WHAT THIS TASK INVOLVES:
Each line below must be reproduced exactly, though the pictures are to be dropped.

DATA RECORDS Block Start

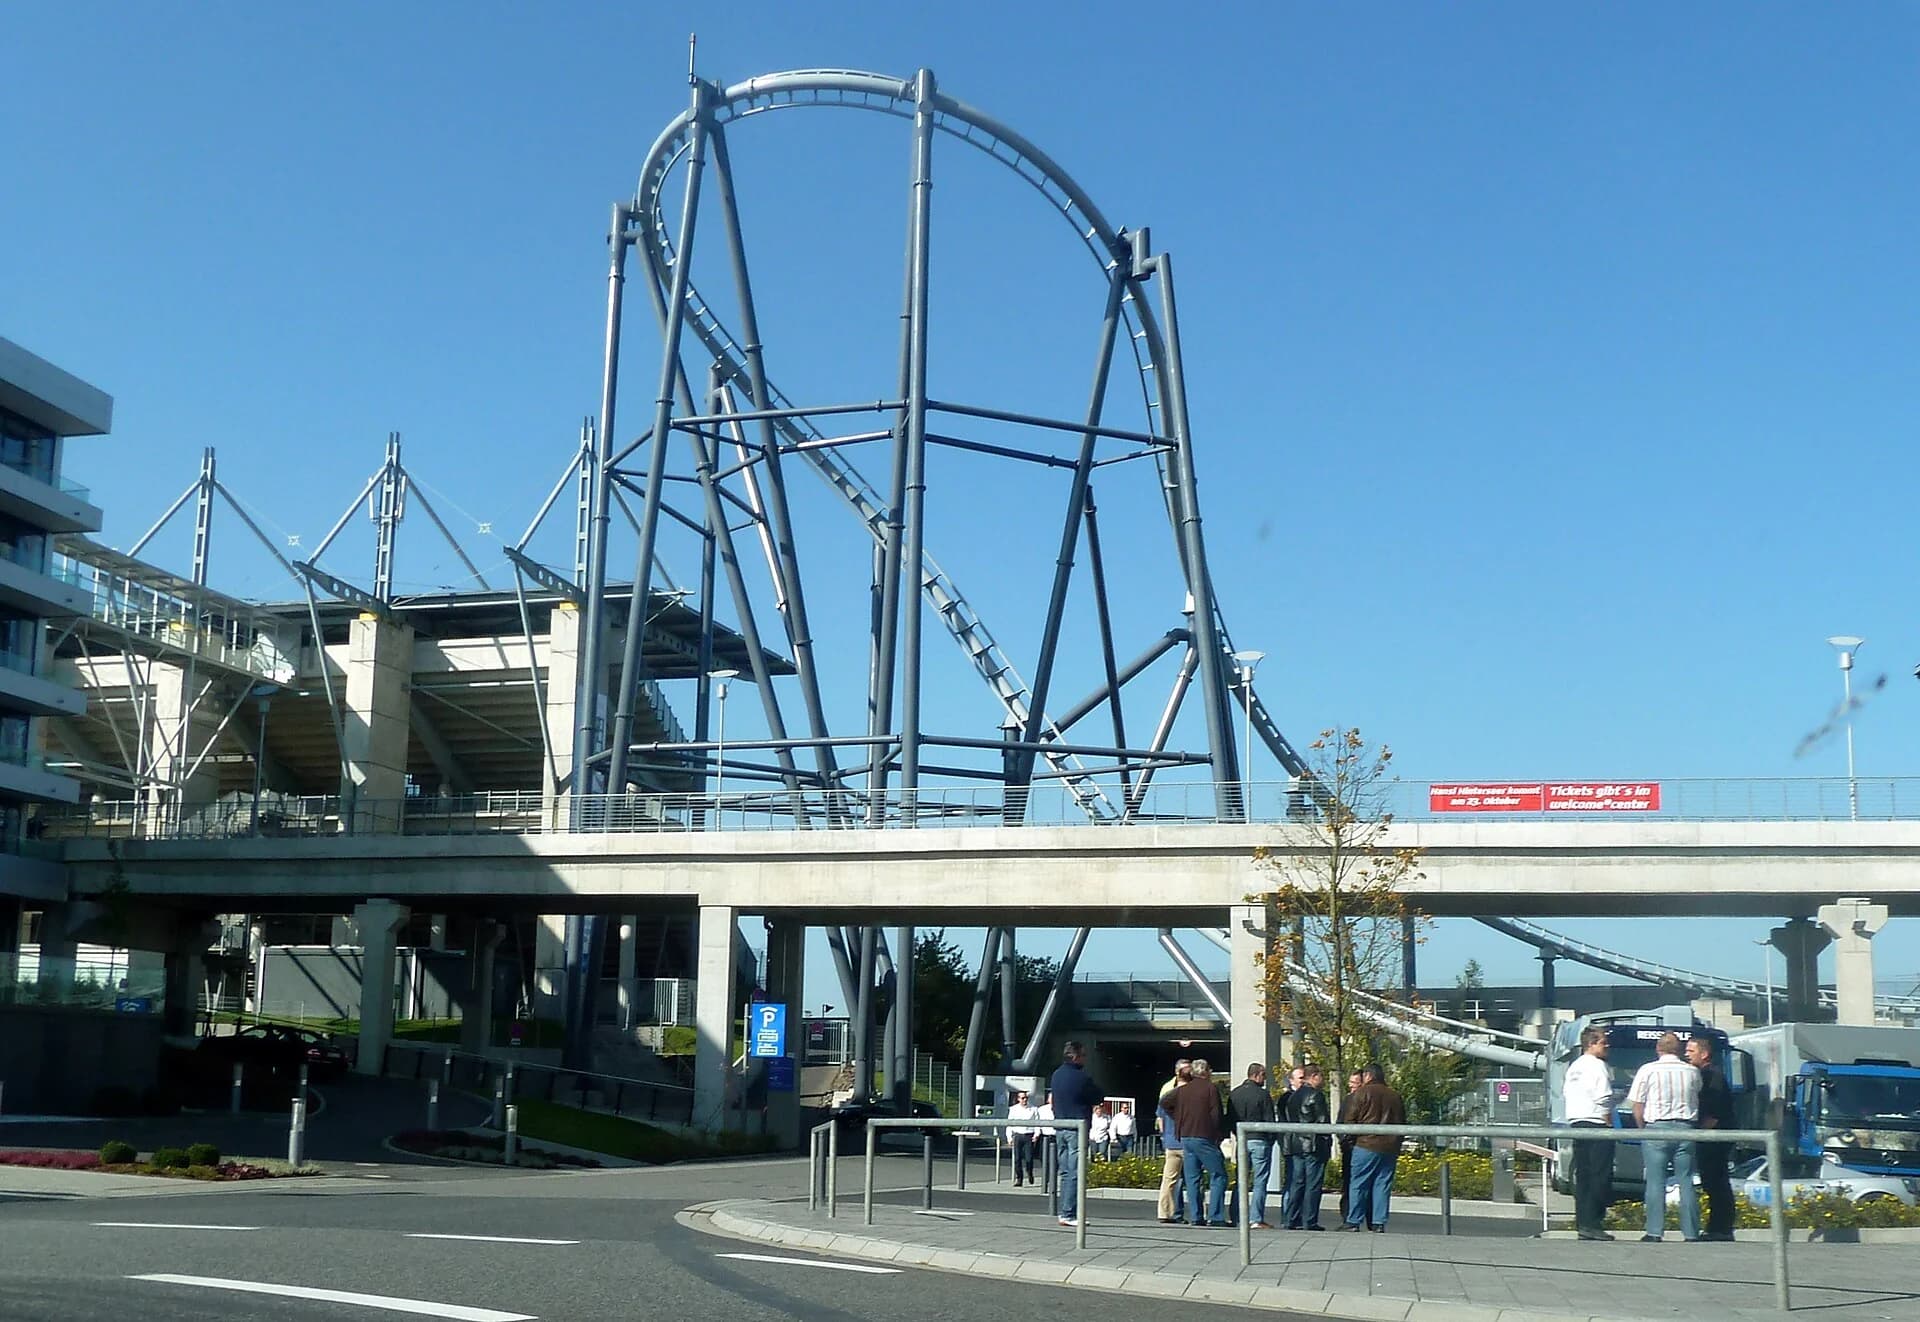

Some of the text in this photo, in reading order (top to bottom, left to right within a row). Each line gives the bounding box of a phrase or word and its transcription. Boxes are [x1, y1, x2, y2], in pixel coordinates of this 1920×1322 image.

[1550, 786, 1594, 796] Tickets
[1634, 785, 1651, 796] im
[1482, 797, 1521, 805] Oktober
[763, 1011, 775, 1028] P

DATA RECORDS Block End

OUTPUT FOR THIS EXERCISE:
Some of the text in this photo, in reading order (top to bottom, left to right within a row). Each line gives the bounding box of a phrase or word and its transcription. Boxes are [x1, y1, x2, y2], in pixel coordinates of this 1920×1322 image.

[1550, 786, 1594, 796] Tickets
[1634, 785, 1651, 796] im
[1482, 797, 1521, 805] Oktober
[763, 1011, 775, 1028] P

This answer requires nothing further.